I lay my personal feelings about the author aside when the work stands for itself.  Sometimes I’m asked to get involved in a project that promotes the work of some popular someone I’ve experienced to be without personal integrity. Who I know is playing a role, like Domino, who makes no bones about it, albeit off the record.  The oh-so-humble-self-help-psychic-guru gig is working for him now and his website heralds him as if he’s the messiah we’ve all been waiting for.  He aligns himself with as many big names as he can and hunts them down for photos with, which he keeps prominently displayed at all times.  He’s a name dropper and celebrity seeker and blah, blah, blah.  We all know many Dominoes. don’t we?

But if I am who I say I am, I’m not here to judge. I’m here to take what is in front of me and discover what is useful in it, and leave the rest behind.  I may not trust him personally, but if what he writes in his books and what he says during his guided presentations is helpful information, it’s not for me to judge. At these times I have to remind myself what I am doing here. Who am I serving?

And friends may wonder why I am not jumping up and down to work with their project, since he’s such a big name.  And it’s to no one’s advantage for me to go into the story. Once I tell what I know, I have to be prepared for what I set in motion.  I’d be going against the grain and sending false idols crashing.  That’s never popular and there’s no such thing as a secret.  I would just be creating conflict.

As a gardener I’ve learned if there’s something beginning to grow in my garden that I don’t want to be there, I need to nip it in the bud before it can take hold.  In 1984, I planted a wedelia cutting a neighbor had given me and I still deal with a big tangle every summer and am always pulling it out by the handfuls.  Had I not planted it in the first place, I would not have this situation now.

And personality conflicts aren’t just annoying, they can hurt your business.  Separate the message from the messenger.  If you get tangled up the drama of he said/she said and taking sides and the whole undercurrent of hidden agenda, you’ll drive yourself crazy.  Sure it feels exciting to be part of something, in on something behind the scenes, but I tell you right now, doing all this will impact your income, period.

As you spend time talking to other people about what this one is doing or what that one is doing, you’re just attracting a big tangled mess that will choke out the fun intentional life I guarantee you’d rather be having.  If you’ve got any kind of financial lull going on, staying away from controversy will give you a big leg up to more financial freedom.

The bottom line?  Judge someone on their works, not on their words or their personal life. If you don’t agree with someone’s work, yet a friend finds it valuable, don’t bad mouth what they find helpful.

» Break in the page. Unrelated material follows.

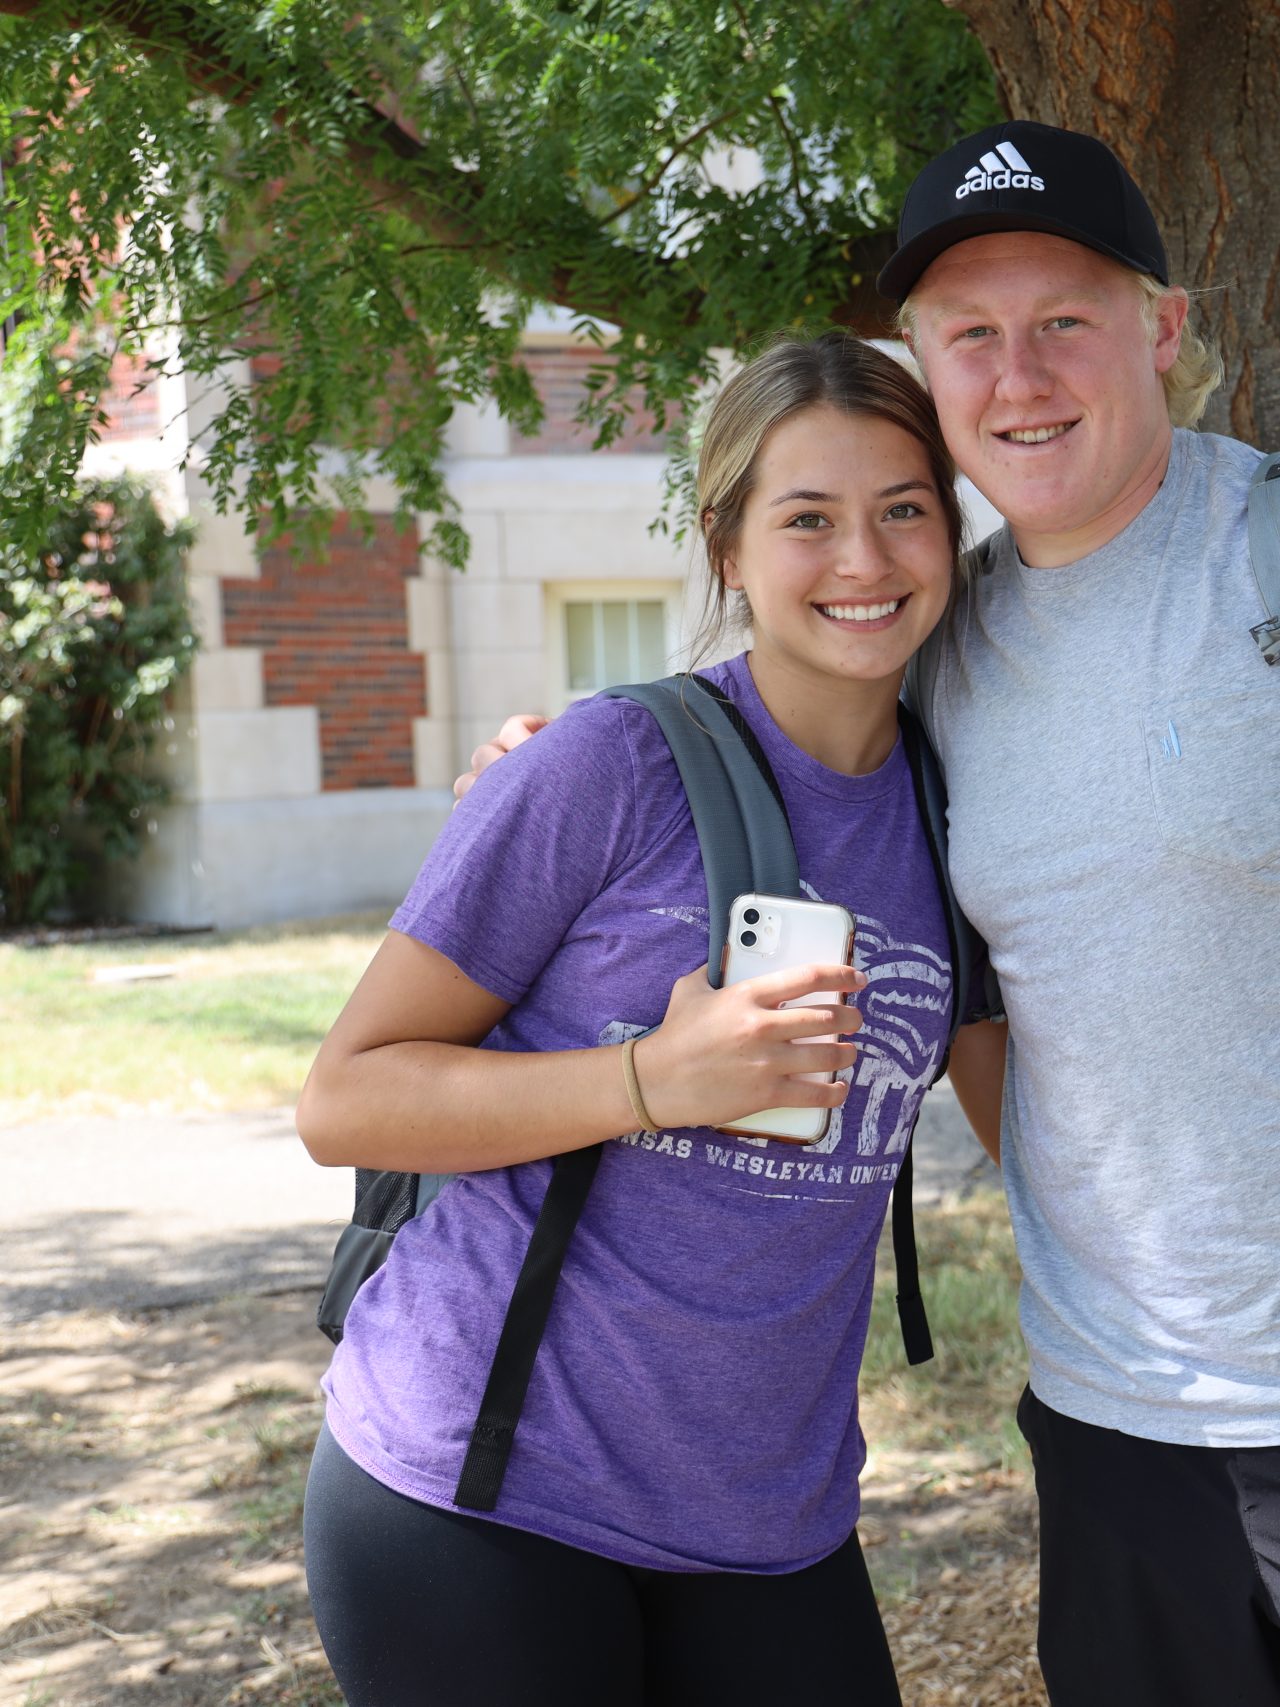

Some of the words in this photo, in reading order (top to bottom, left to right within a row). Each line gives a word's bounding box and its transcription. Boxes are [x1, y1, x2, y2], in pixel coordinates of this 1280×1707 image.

This is what Abraham-Hicks calls the art of allowing.  It’s the key to releasing resistance.  Don’t judge what others find helpful.  Not everyone has the same interests you do.  Soul searching takes us each on our own path and it can be lonely.   The people who parade before us are there mirroring something back for self reflection.  Not for us to judge and gossip about, although that’s a popular fun social outlet: let’s hold a spiritual meeting and talk about everyone who’s not here.

Stop laughing, you know who they are.  You know who you are.

Everyone has their own way of talking and behaving as kundalini rises and their personality reconciles itself with the soul.   And personality reconciliation is a lifelong process. If you’re serious about soul searching, you take everything that shows up in front of you as spiritual fuel, as food for thought.  You take it in and you keep it inside until you get the lesson from it.

That’s alchemy.  That’ll turn all your brass to gold.